- **Exercise brief**: Reproduce the listing below in full and exactly; no pictures belong in the copy.

- **Information supplied**:
-- Opening Marker --

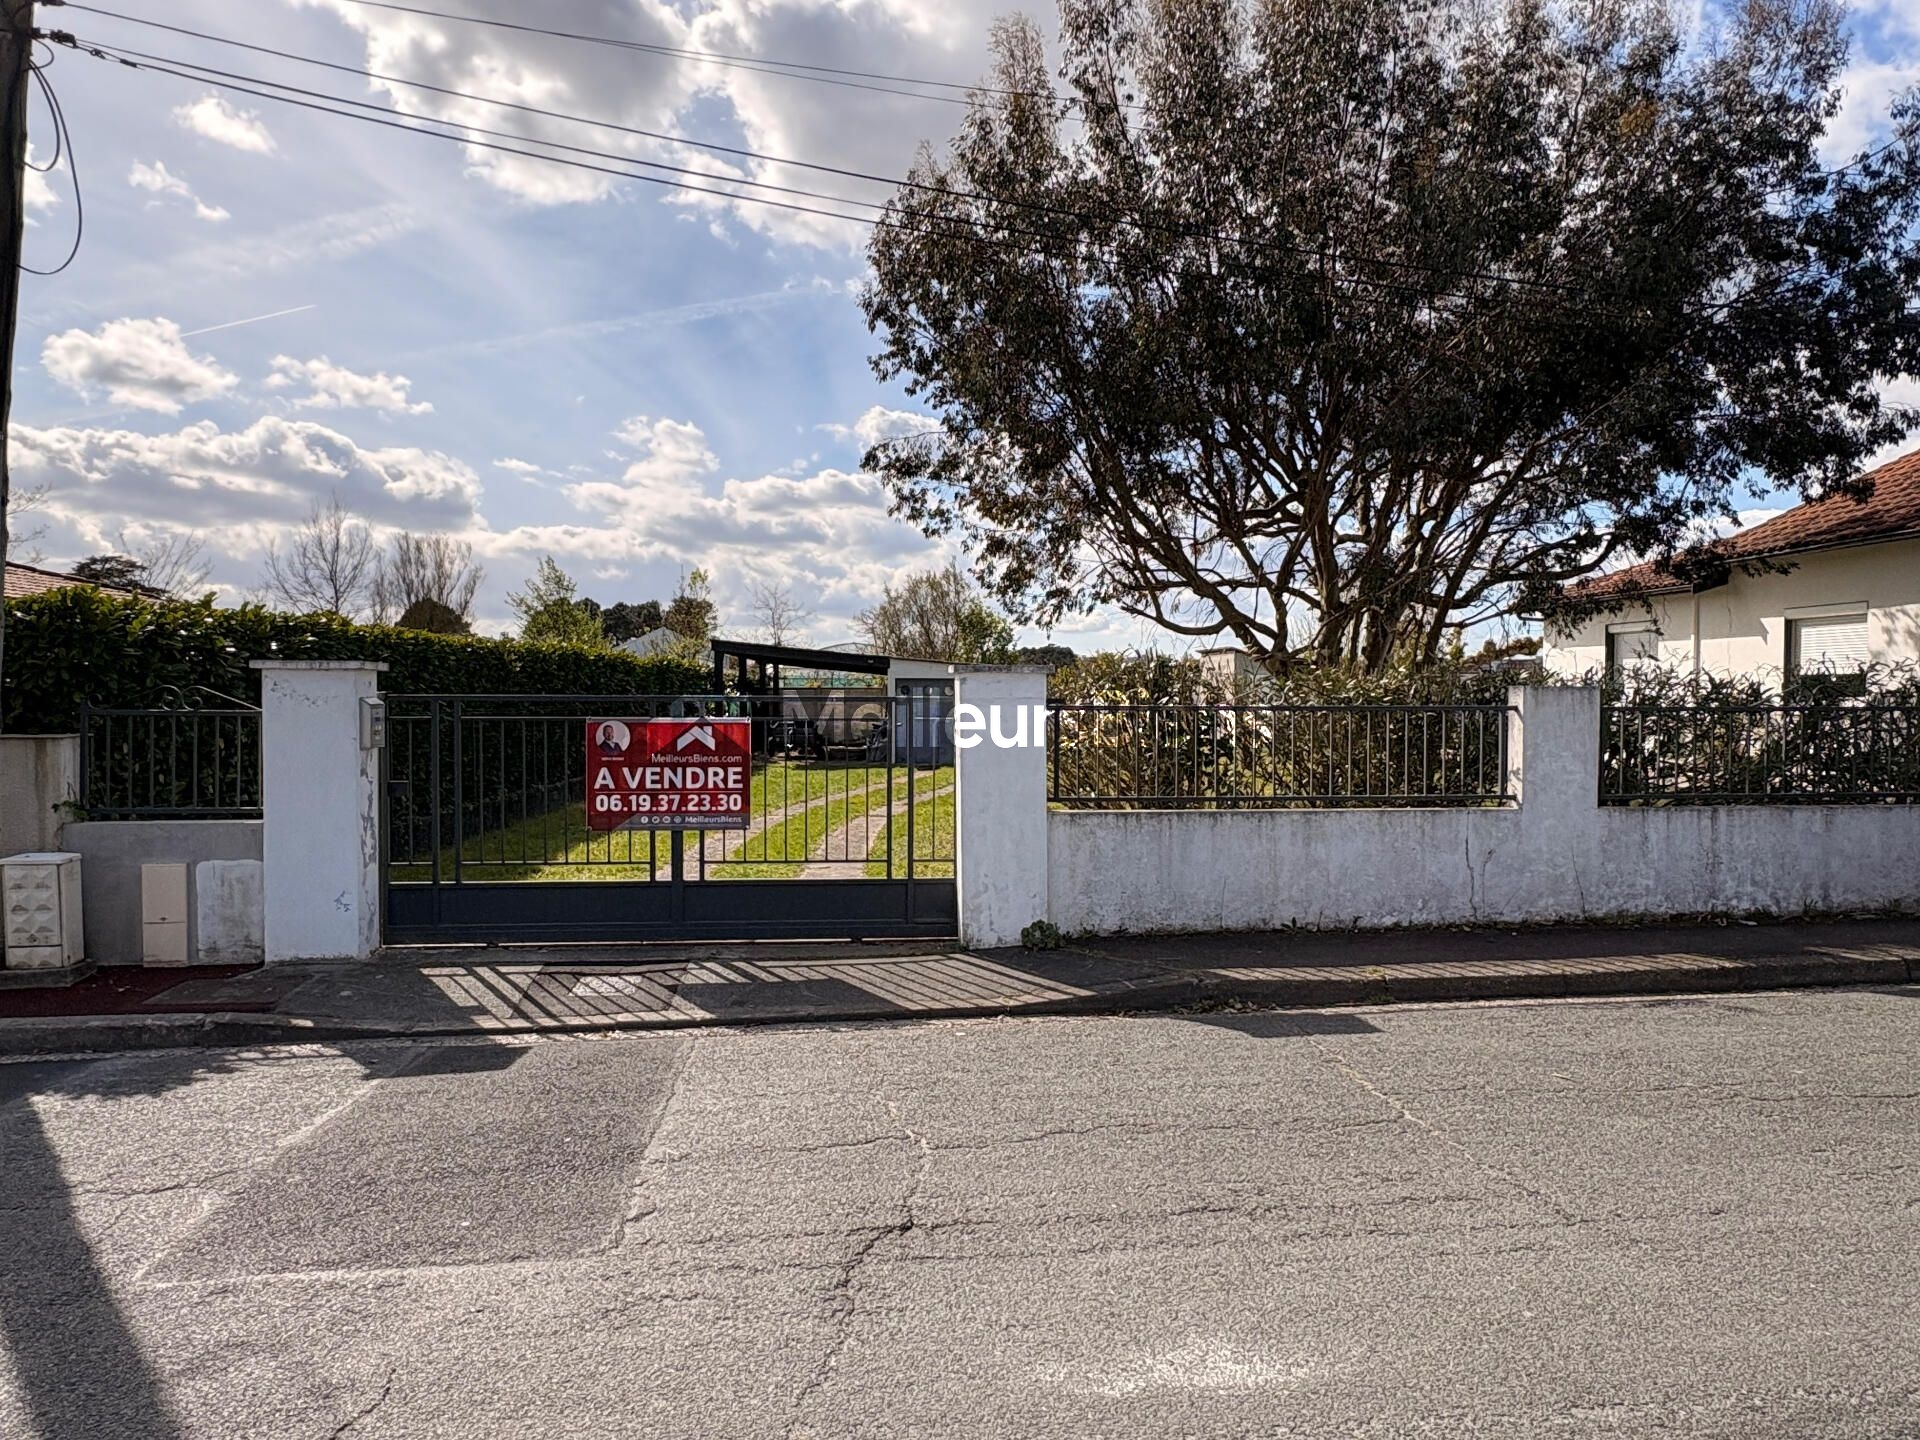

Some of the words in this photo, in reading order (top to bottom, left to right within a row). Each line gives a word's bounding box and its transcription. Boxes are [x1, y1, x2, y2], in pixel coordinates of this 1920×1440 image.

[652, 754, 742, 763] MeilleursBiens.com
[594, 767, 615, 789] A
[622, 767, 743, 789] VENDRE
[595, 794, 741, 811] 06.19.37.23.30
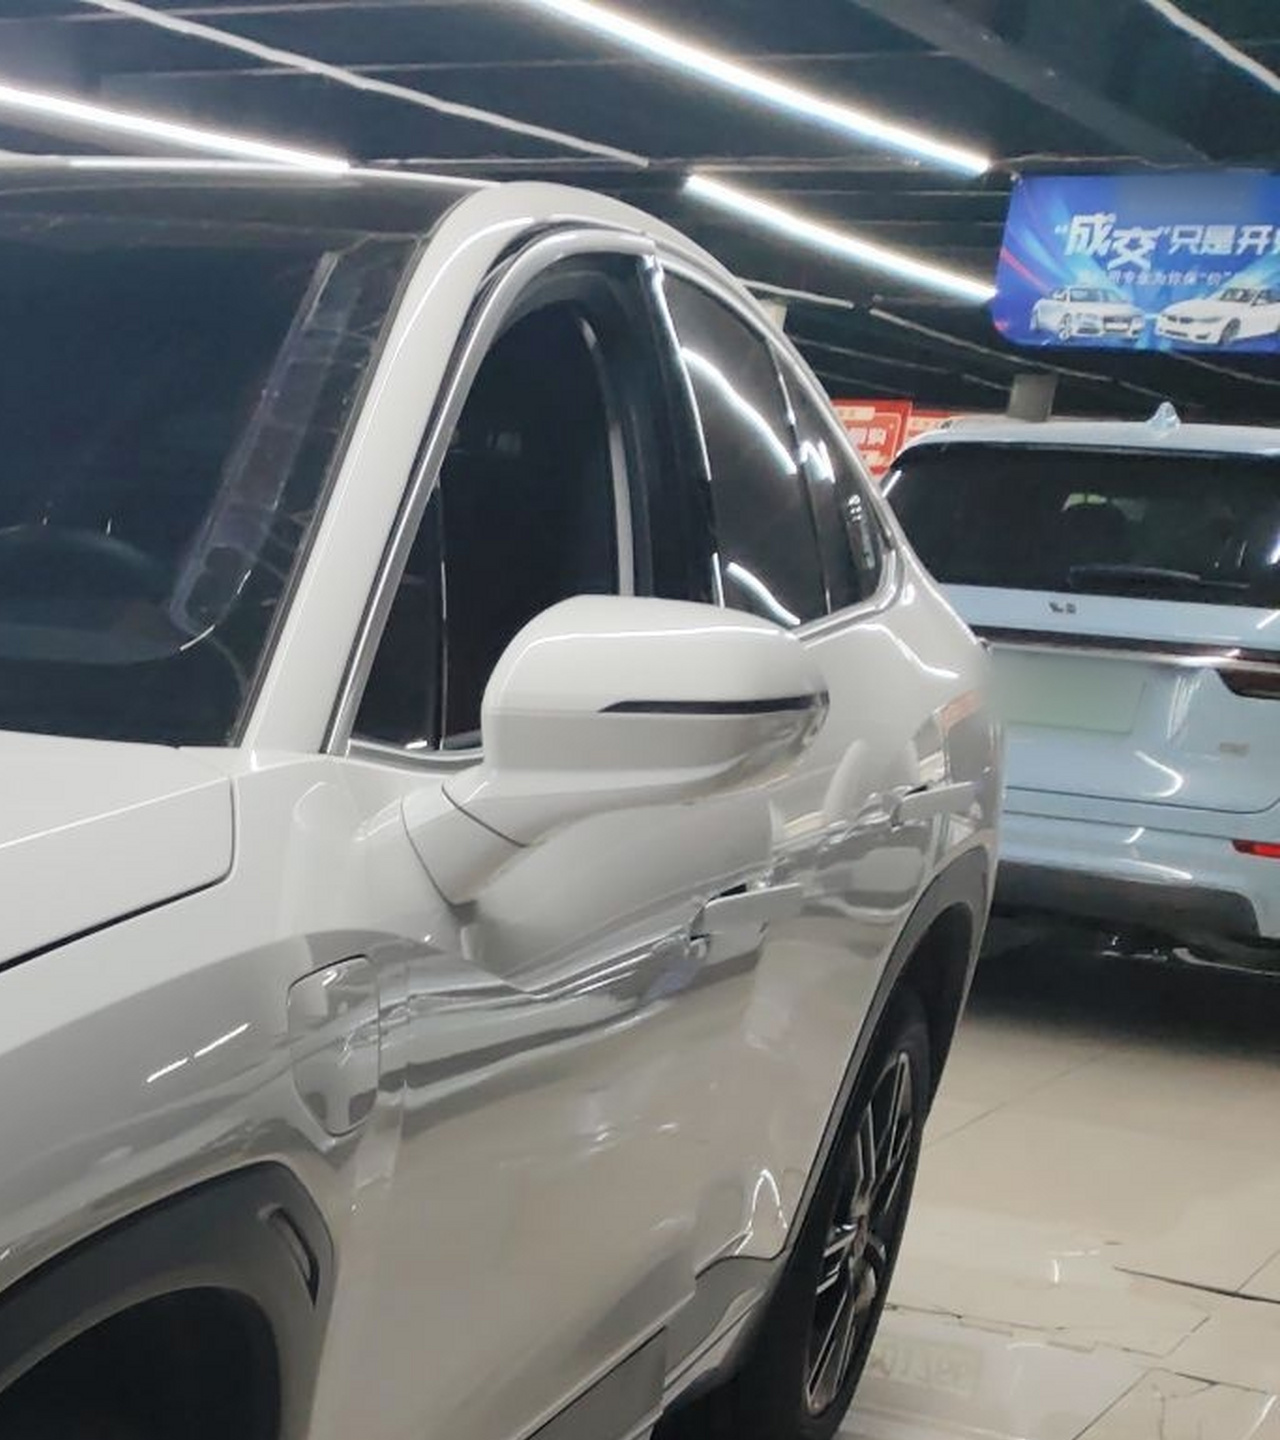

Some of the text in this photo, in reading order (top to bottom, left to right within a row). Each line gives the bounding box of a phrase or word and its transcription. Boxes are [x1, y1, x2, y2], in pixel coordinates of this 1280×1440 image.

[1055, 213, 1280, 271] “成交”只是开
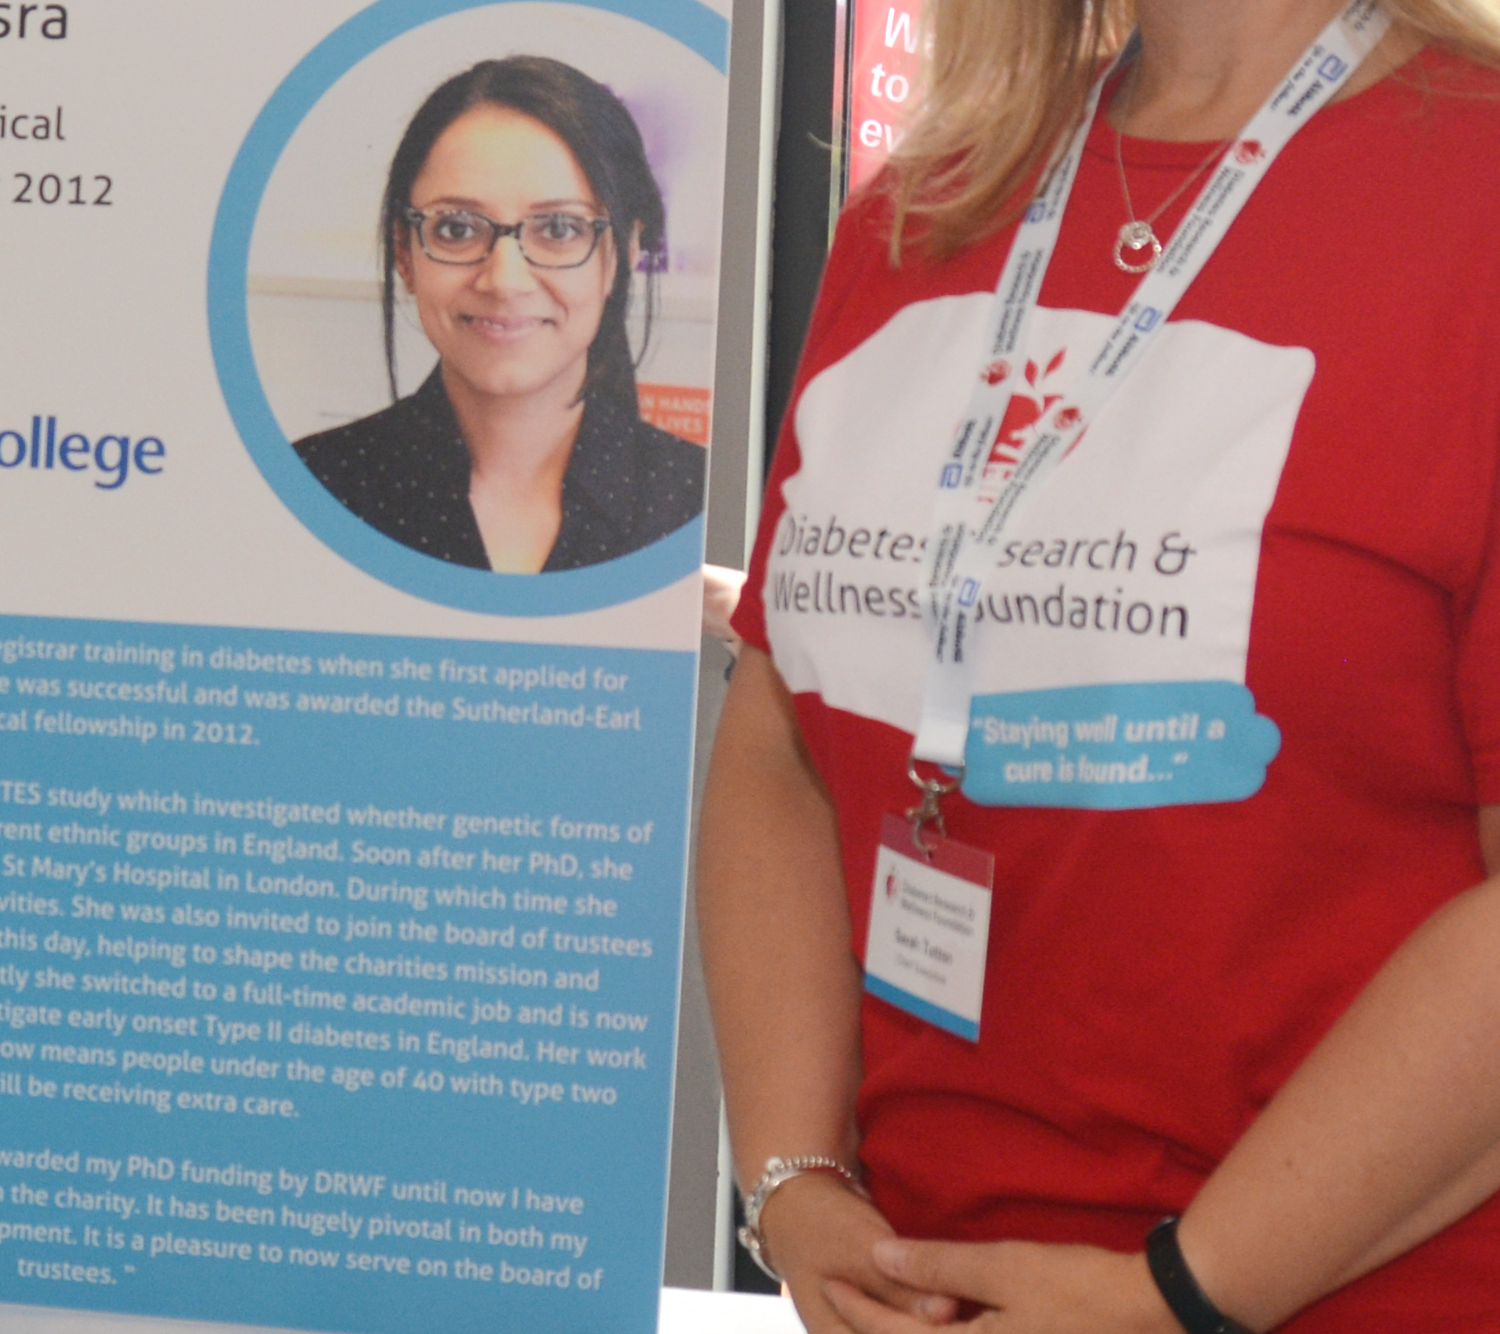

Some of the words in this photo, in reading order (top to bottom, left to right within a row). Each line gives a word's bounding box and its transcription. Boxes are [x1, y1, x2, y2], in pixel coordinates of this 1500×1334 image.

-- Closing Marker --

- **Expected answer**:
Some of the words in this photo, in reading order (top to bottom, left to right within a row). Each line gives a word's bounding box and its transcription. Boxes are [x1, y1, x2, y2], in pixel coordinates of this 1920×1440 image.

[652, 754, 742, 763] MeilleursBiens.com
[594, 767, 615, 789] A
[622, 767, 743, 789] VENDRE
[595, 794, 741, 811] 06.19.37.23.30

Some of the text in this photo, in reading order (top to bottom, left to right within a row). Each line gives the bounding box of a phrase or word and its transcription. Boxes are [x1, y1, x2, y2], in pixel coordinates of this 1280×1440 image.

[1055, 213, 1280, 271] “成交”只是开

Some of the words in this photo, in reading order (top to bottom, left to right within a row). Each line gives a word's bounding box and its transcription. Boxes are [x1, y1, x2, y2], in pixel coordinates of this 1500×1334 image.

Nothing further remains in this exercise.